Disclaimer: These are my personal notes on this paper. I am in no way related to this paper. All credits go towards the authors.
Face2Face: Real-time Face Capture and Reenactment of RGB Videos
Sept. 1, 2016 -
Paper Link -
Tags: Facial-Reenactment
Summary
Created a facial reenactment framework which can be ran in real time on consumer grade hardware. They focused on mouth retrieval.
Notes
Works on RGB videos. Does not require a 3D mask.
Can be performed in real-time
Focused on a realistic mouth interior. Does not rely on coping the mouth from the target nor a generic teeth proxy as per other papers.
Used a multi-linear PCA model as the feature vector. The first two dimensions were facial identity based: geometric shape and skin reflection. The third dimension controlled facial expression.

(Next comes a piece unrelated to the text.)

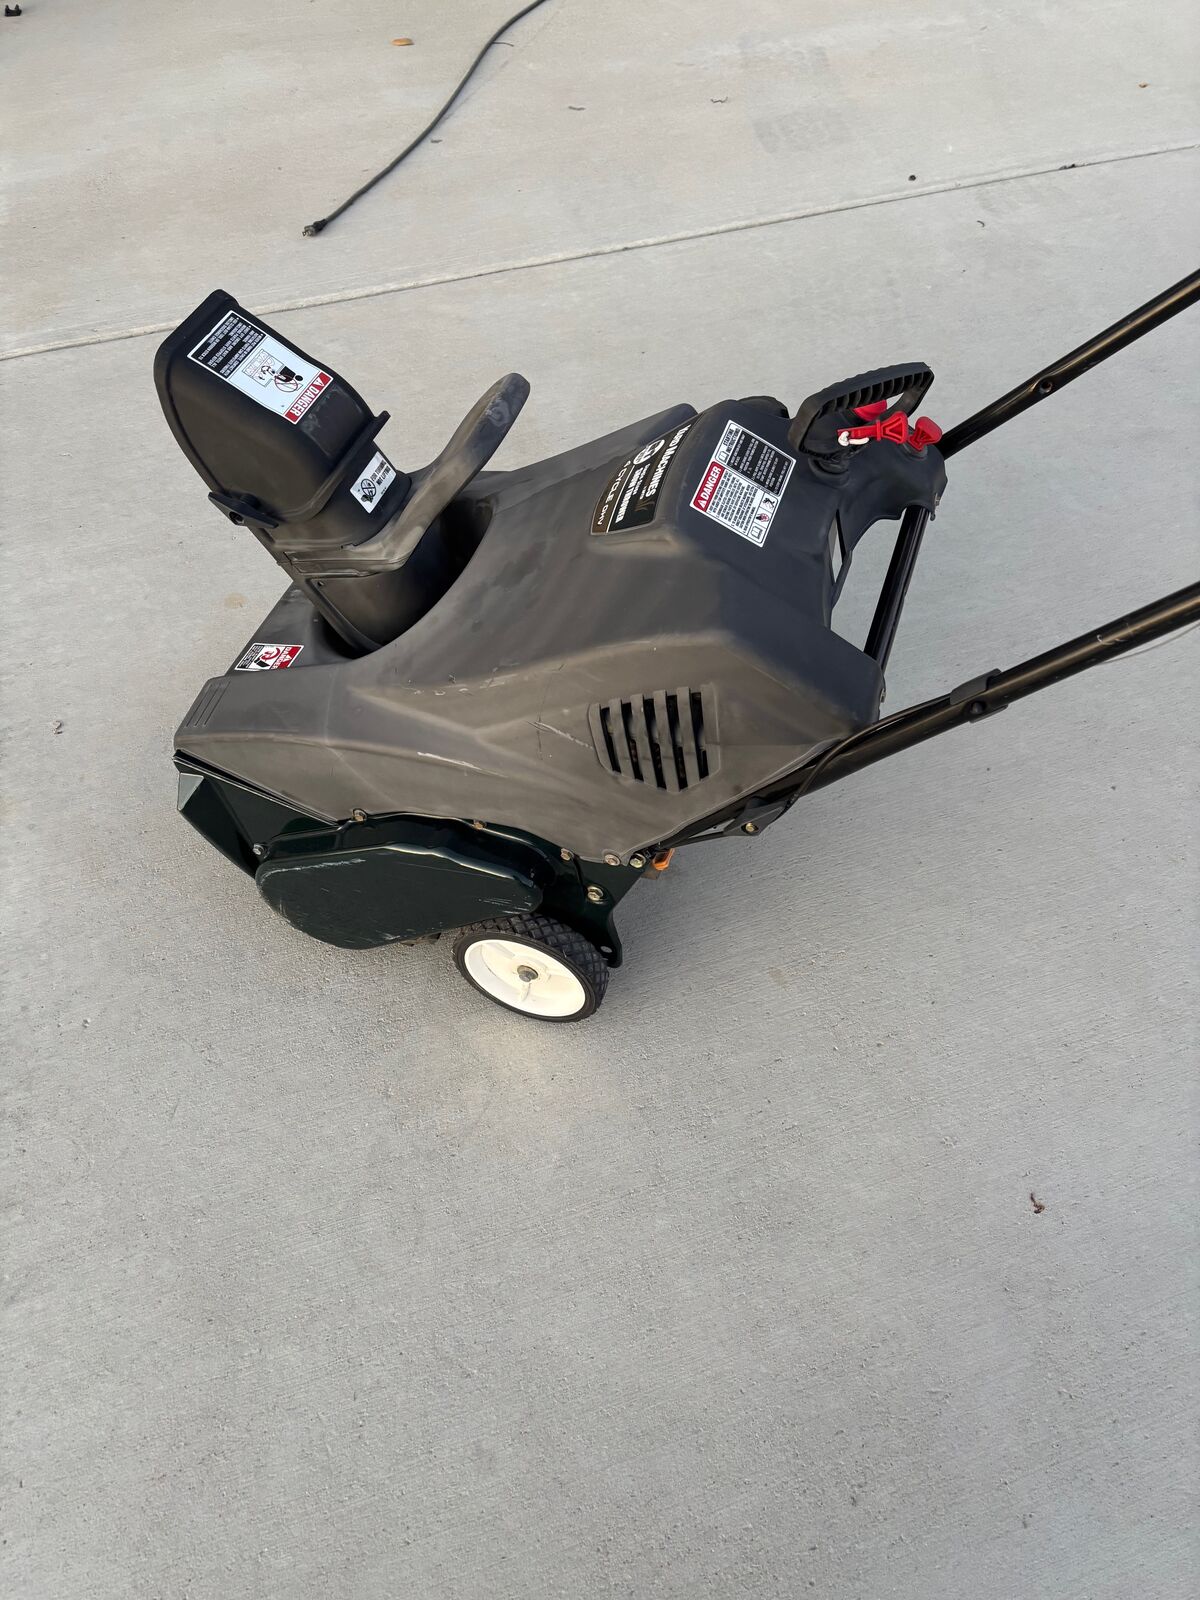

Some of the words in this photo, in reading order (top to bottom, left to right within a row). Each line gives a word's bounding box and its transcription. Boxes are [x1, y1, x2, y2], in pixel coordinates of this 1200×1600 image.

Used a facial landmark tracking algorithm for feature alignment
Mouth Retrieval
Similarity Metric: rotation, expression parameters, landmarks, and local binary pattern
Frame-to-Cluster Matching: Used k-means clustering with 10 clusters. For each frame, choose a cluster who's cluster representative (min distance to all points within the cluster) was most similar to the target
Kept track of a temporal aspect by using the current frame and the previous frame. Used this temporal data for blending.
Used alpha blending between the original video frame, the projected mouth frame that has been illuminated-corrected, and the rendered face model
Citation: Thies, Justus, et al. "Face2face: Real-time face capture and reenactment of rgb videos." Proceedings of the IEEE conference on computer vision and pattern recognition. 2016.